1. The bystander is afraid of getting hurt himself. The bully is bigger and stronger and has a reputation that justifies the fears; so jumping into the melee doesn’t appear to be a smart thing to do.
2. The bystander is afraid of becoming a new target of the bully. Even if the bystander is able to intervene successfully, there is a chance she will be singled out at a later date for retribution. Bullies are quick to disparage and malign anyone who tries to intervene.
3. The bystander is afraid of doing something that will only make the situation worse.
4. The bystander does not know what to do.
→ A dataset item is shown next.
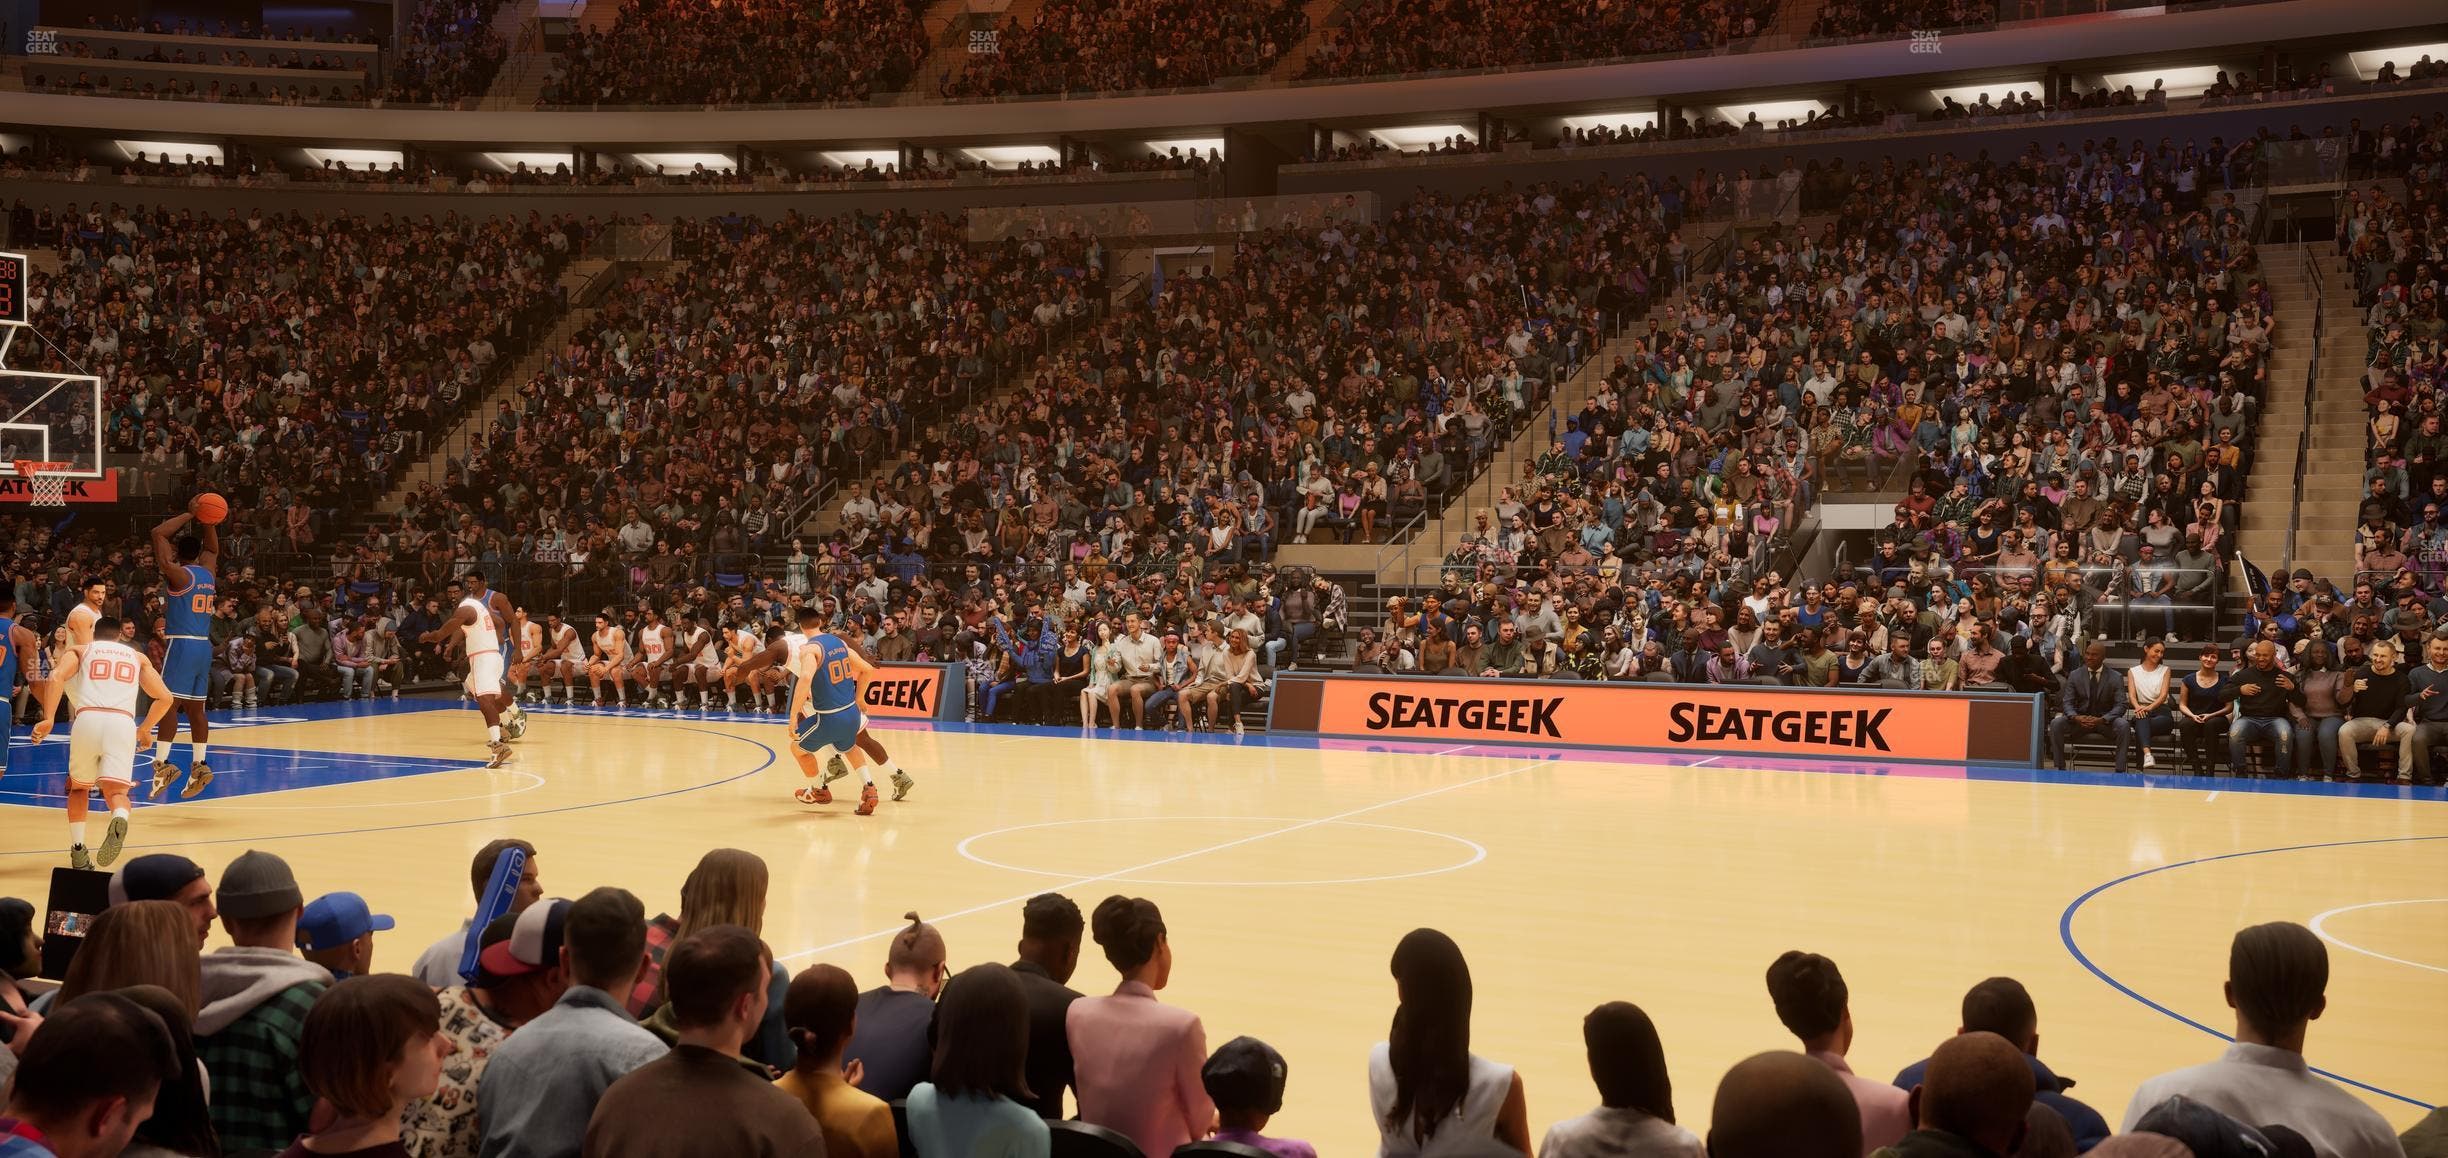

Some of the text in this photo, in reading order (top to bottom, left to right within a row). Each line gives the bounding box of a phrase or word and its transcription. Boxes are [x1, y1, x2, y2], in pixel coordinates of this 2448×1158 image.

[90, 659, 135, 684] 00
[853, 679, 932, 711] GEEK
[1366, 692, 1564, 738] SEATGEEK
[1668, 702, 1893, 751] SEATGEEK
He hasn’t been taught ways to intervene, to report the bullying, or to help the target. Just as bullying is a learned behavior, so must young people be taught ways to stop it.
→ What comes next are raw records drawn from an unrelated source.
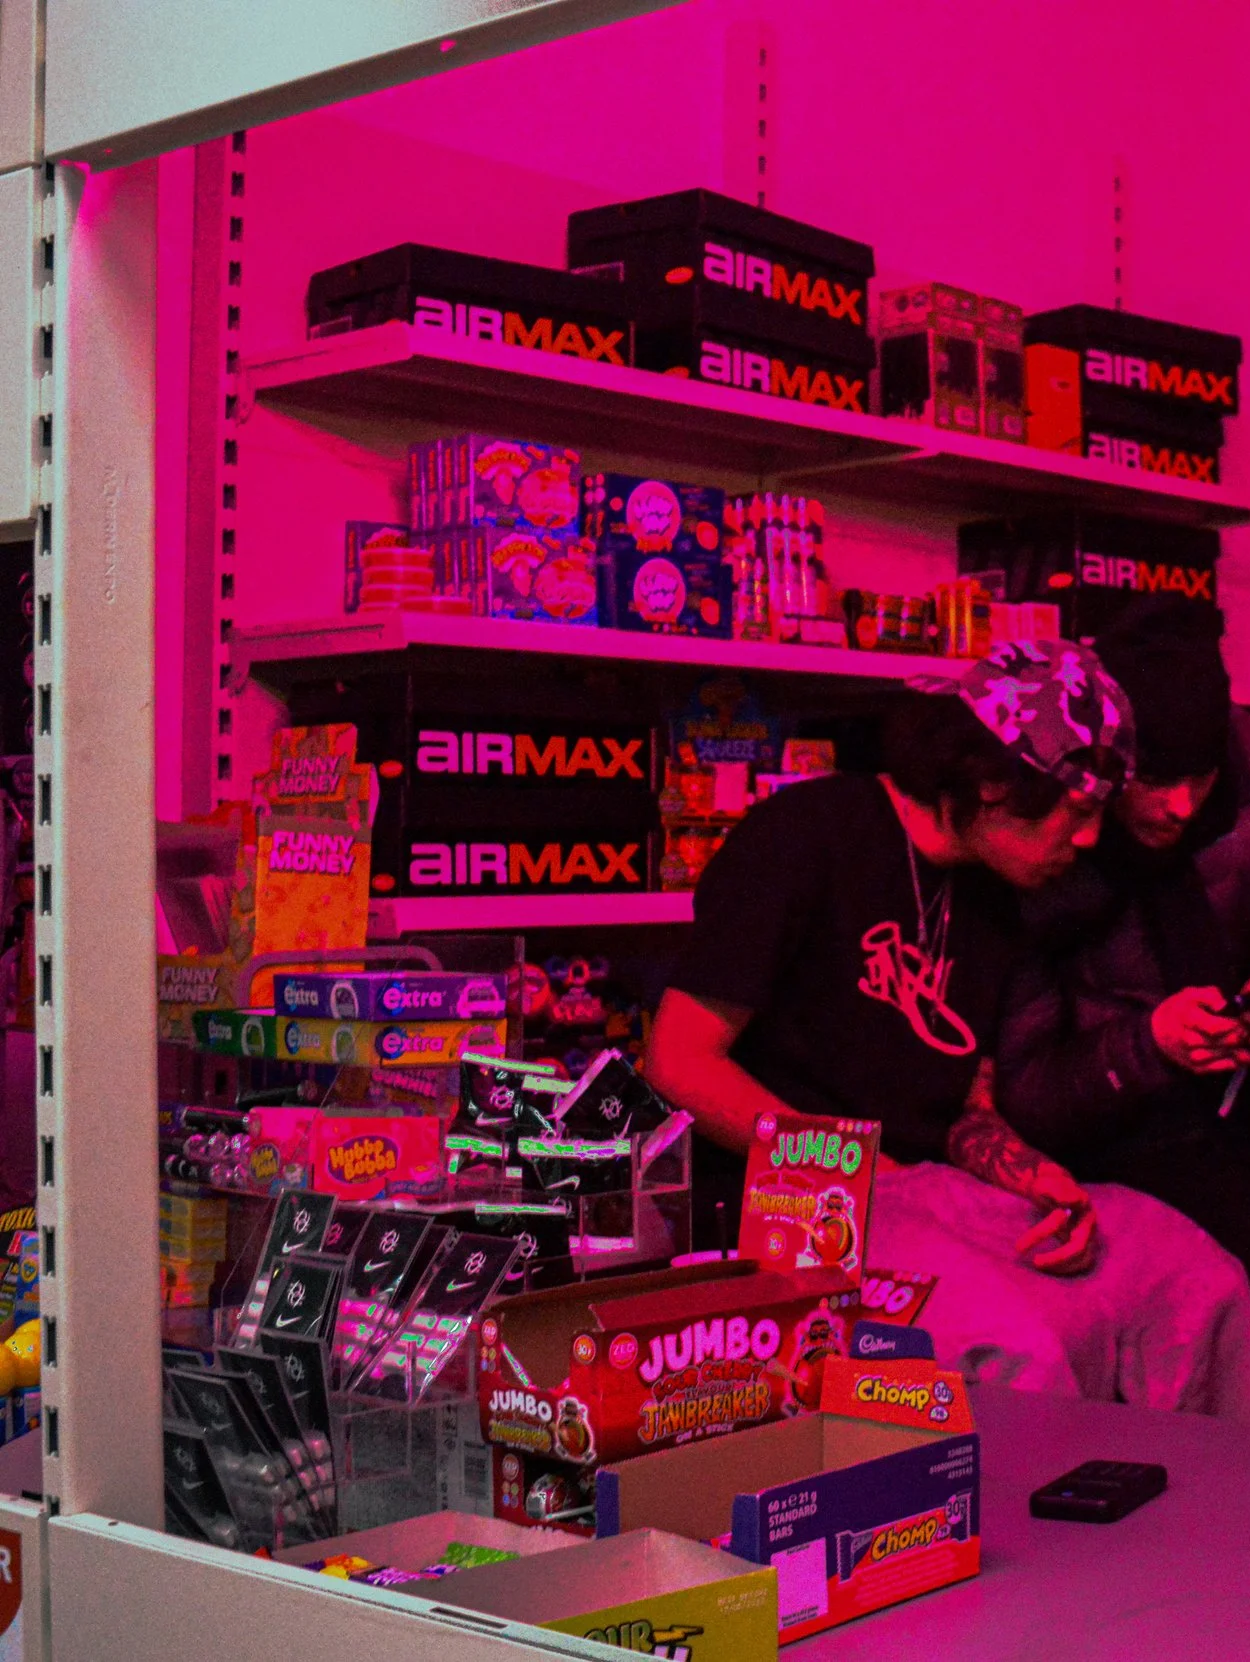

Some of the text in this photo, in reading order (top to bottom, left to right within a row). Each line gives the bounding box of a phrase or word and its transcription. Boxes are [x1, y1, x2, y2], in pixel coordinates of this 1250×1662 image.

[282, 756, 342, 776] FUNNY
[279, 775, 340, 795] MONEY
[272, 831, 355, 855] FUNNY
[270, 851, 355, 875] MONEY
[161, 966, 220, 984] FUNNY
[284, 984, 319, 1007] extra
[383, 987, 442, 1010] extra
[382, 1032, 445, 1054] extra
[329, 1138, 384, 1169] Hubba
[771, 1129, 863, 1175] JUMBO
[345, 1150, 396, 1181] Bubba
[638, 1315, 781, 1383] JUMBO
[489, 1389, 553, 1422] JUMBO
[638, 1381, 772, 1444] JAWBREAKER
[768, 1503, 818, 1529] STANDARD
[769, 1526, 794, 1543] BARS
Excuses for not Intervening:
- The bully is my friend
- It’s not my problem! This is not my fight!
- She’s not my friend
- He’s a loser anyway
- He deserved to be bullied, asked or it, had it coming
- Bullying will toughen him up
- Kids have a deeply embedded code of silence
- It’s better to be in the in-group than to defend the outcasts
- It’s too big a pain
Everyone plays a role in the bullying cycle. Educating the “players” is an important first step in ending the gripping power of bullying. We often focus, to the exclusion of the others, on just the bully or victim. Educating and empowering the other participants, regardless of how passive their roles may be, is a crucial step towards addressing the issue of bullying.